(Source records)

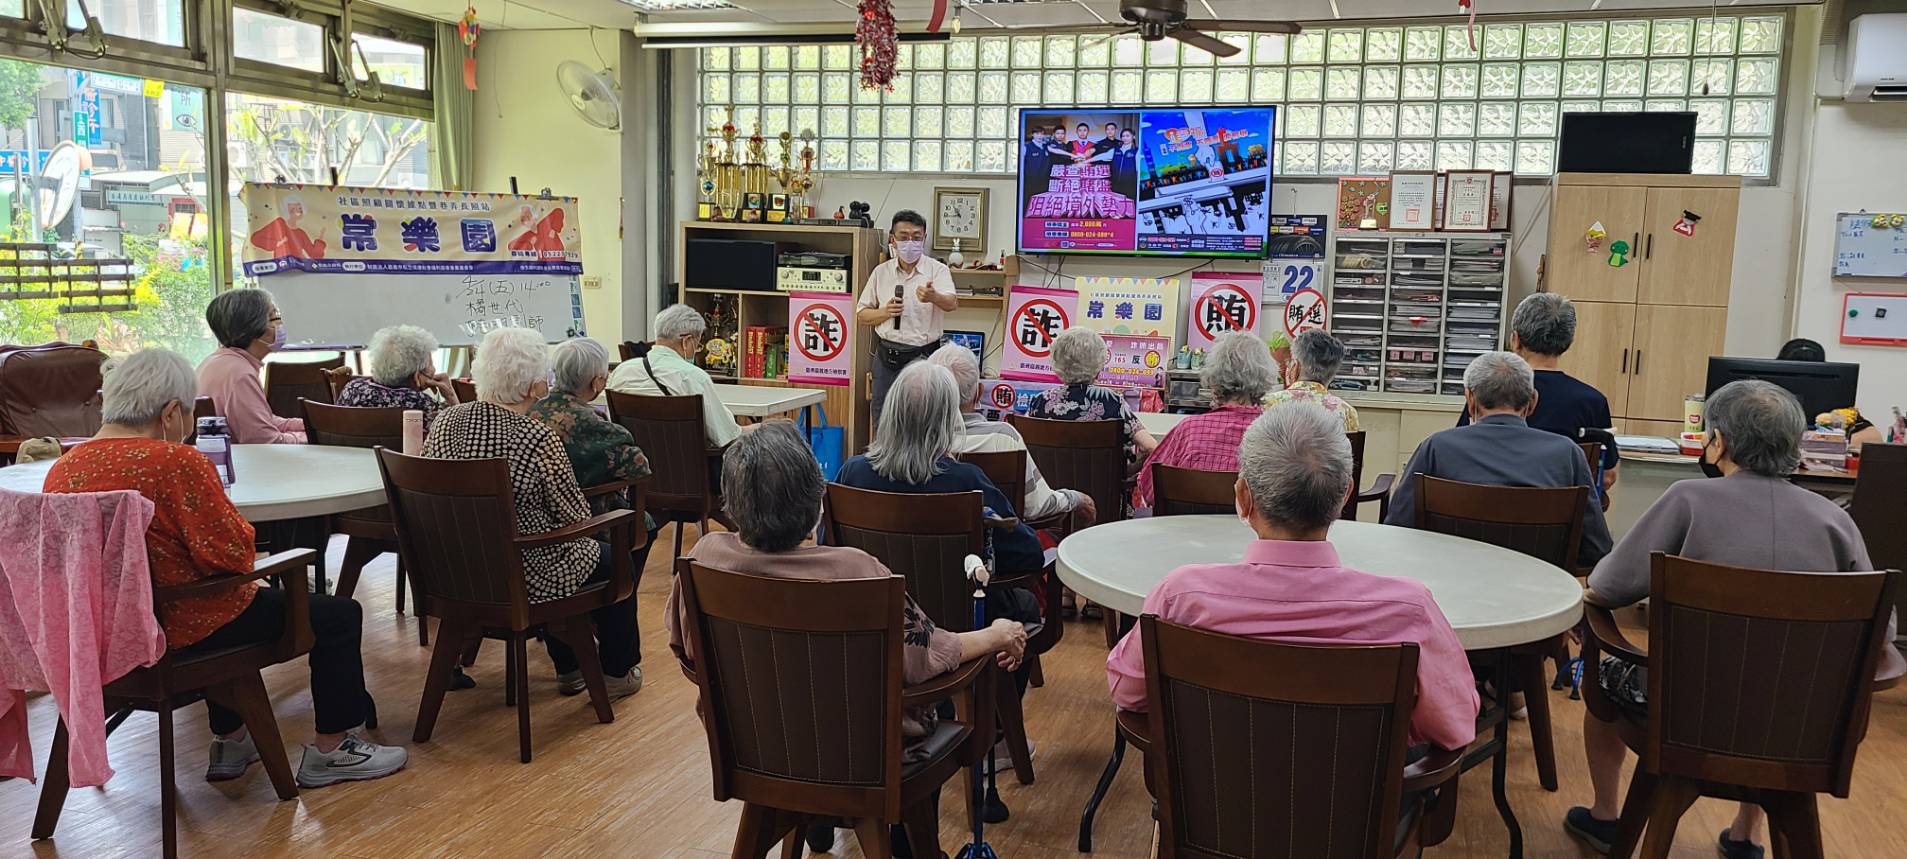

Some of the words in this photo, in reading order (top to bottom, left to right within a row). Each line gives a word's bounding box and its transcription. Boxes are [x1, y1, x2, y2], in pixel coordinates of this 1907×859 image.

[1027, 195, 1135, 217] 阻絕境外勢力
[341, 213, 497, 252] 常樂園
[1282, 265, 1314, 293] 22
[1087, 300, 1162, 321] 常樂園
[1206, 294, 1247, 332] 賄
[1288, 304, 1323, 324] 賄選
[804, 312, 839, 352] 詐
[1022, 307, 1061, 347] 詐
[1132, 355, 1141, 364] 反

What you are asked to do: An exact, word-for-word copy of the records is expected, with no pictures in it.

Expected answer:
Some of the words in this photo, in reading order (top to bottom, left to right within a row). Each line gives a word's bounding box and its transcription. Boxes are [x1, y1, x2, y2], in pixel coordinates of this 1907×859 image.

[1027, 195, 1135, 217] 阻絕境外勢力
[341, 213, 497, 252] 常樂園
[1282, 265, 1314, 293] 22
[1087, 300, 1162, 321] 常樂園
[1206, 294, 1247, 332] 賄
[1288, 304, 1323, 324] 賄選
[804, 312, 839, 352] 詐
[1022, 307, 1061, 347] 詐
[1132, 355, 1141, 364] 反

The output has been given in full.